19 May 2006

predictive technologies

Few of my timepieces* display the correct time. In the house we do have one clock (actually a weather station) that syncs itself with the signal from that atomic clock in Colorado, but all the others range anywhere from a minute off to half an hour or more.

My wristwatches, when not out of commission or battery, are all at least a couple minutes fast, generally around seven.

My car has two digital clocks in it (both factory installed, no less) and they're both wrong, though within twenty seconds of each other. They're ten minutes fast, tested against the NPR announcer's clock almost daily.

Ten minutes is also the amount of time it takes for me to drive to work in the morning. Knowing that, as soon as I sit down in the car I know what time I'll be at work, all without doing any mental math**.

As nifty a trick as this may be, I'm working on my morning routine so that as soon as I get out of bed I know what time I'll sit down in the car.

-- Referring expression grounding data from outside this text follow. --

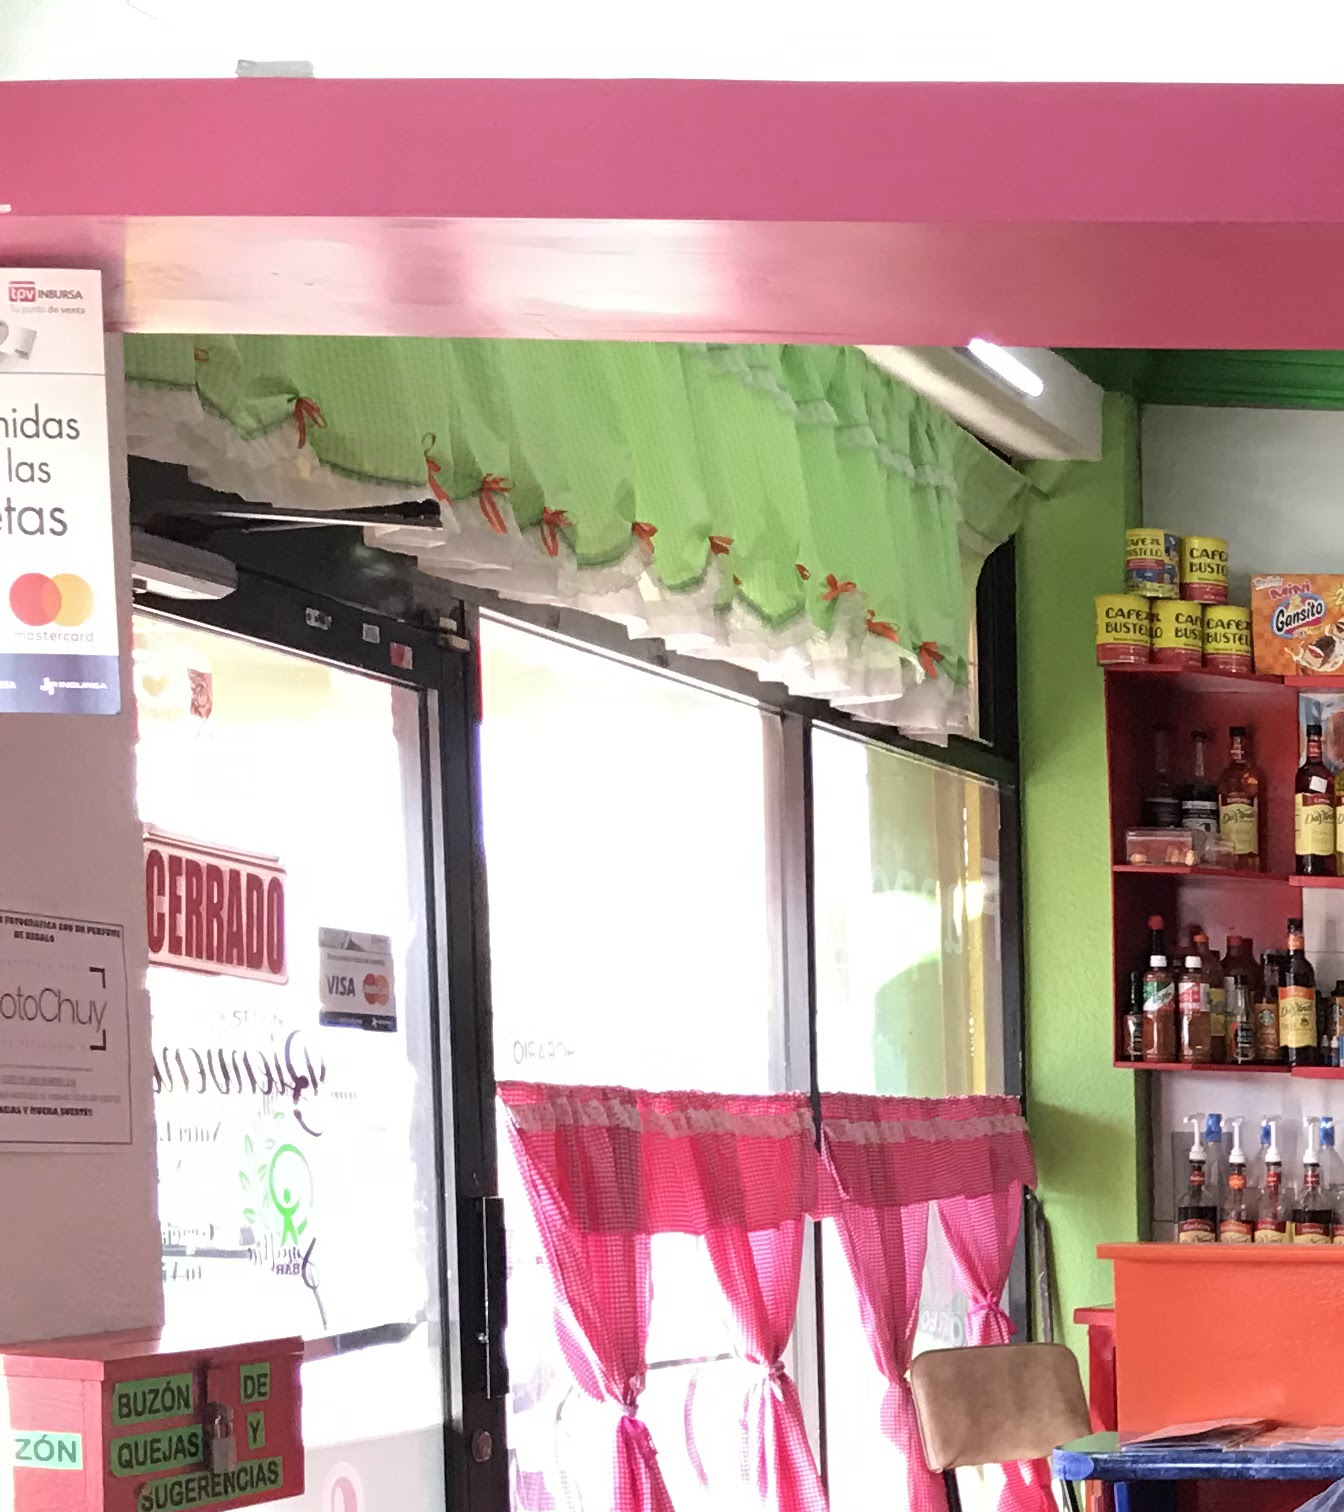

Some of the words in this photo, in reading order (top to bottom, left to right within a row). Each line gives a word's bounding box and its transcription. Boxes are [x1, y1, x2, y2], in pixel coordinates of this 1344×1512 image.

[10, 288, 35, 301] tpv
[37, 289, 83, 299] INBURSA
[60, 307, 86, 315] venta
[7, 446, 52, 484] las
[1276, 601, 1324, 633] Gansito
[15, 631, 94, 643] mastercard
[146, 848, 284, 975] CERRADO
[326, 974, 356, 997] VISA
[117, 1381, 191, 1419] BUZÓN
[243, 1373, 269, 1399] DE
[15, 1434, 78, 1463] ZÓN
[117, 1432, 200, 1470] QUEJAS
[249, 1418, 262, 1444] Y
[140, 1460, 280, 1512] SUGERENCIAS

I'm within five minutes, I think, but I know I can improve my time.

Then again, it's just a matter of time before one of us clumsily fat-fingers the time-setting buttons searching for the snooze button, anyway.


* Because I seem to be writing about time so frequently, I have created a corresponding 'time' category. It's about time, eh?

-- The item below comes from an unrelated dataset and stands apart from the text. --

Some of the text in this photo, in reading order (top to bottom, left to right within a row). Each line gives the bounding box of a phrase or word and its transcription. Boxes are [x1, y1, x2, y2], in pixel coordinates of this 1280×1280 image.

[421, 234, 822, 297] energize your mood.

** Closing my eyes while driving is something I've tried to avoid, over the years, to the extent that I am capable of, and moreover inclined to, sneeze with my eyes open.

21 April 2006

another timeless moment

I'm filing this under coincidences because it is, more or less, one of them.

This morning as I picked out my wristwatch* I glanced at it to see if it was running. Its minute and second hands pointed between 8 and 9, so I figured that it being somewhere between 8:33 and 8:45 am (given the fact that my watches are all between 0 and 7 minutes fast) was fine, and hurried off to work.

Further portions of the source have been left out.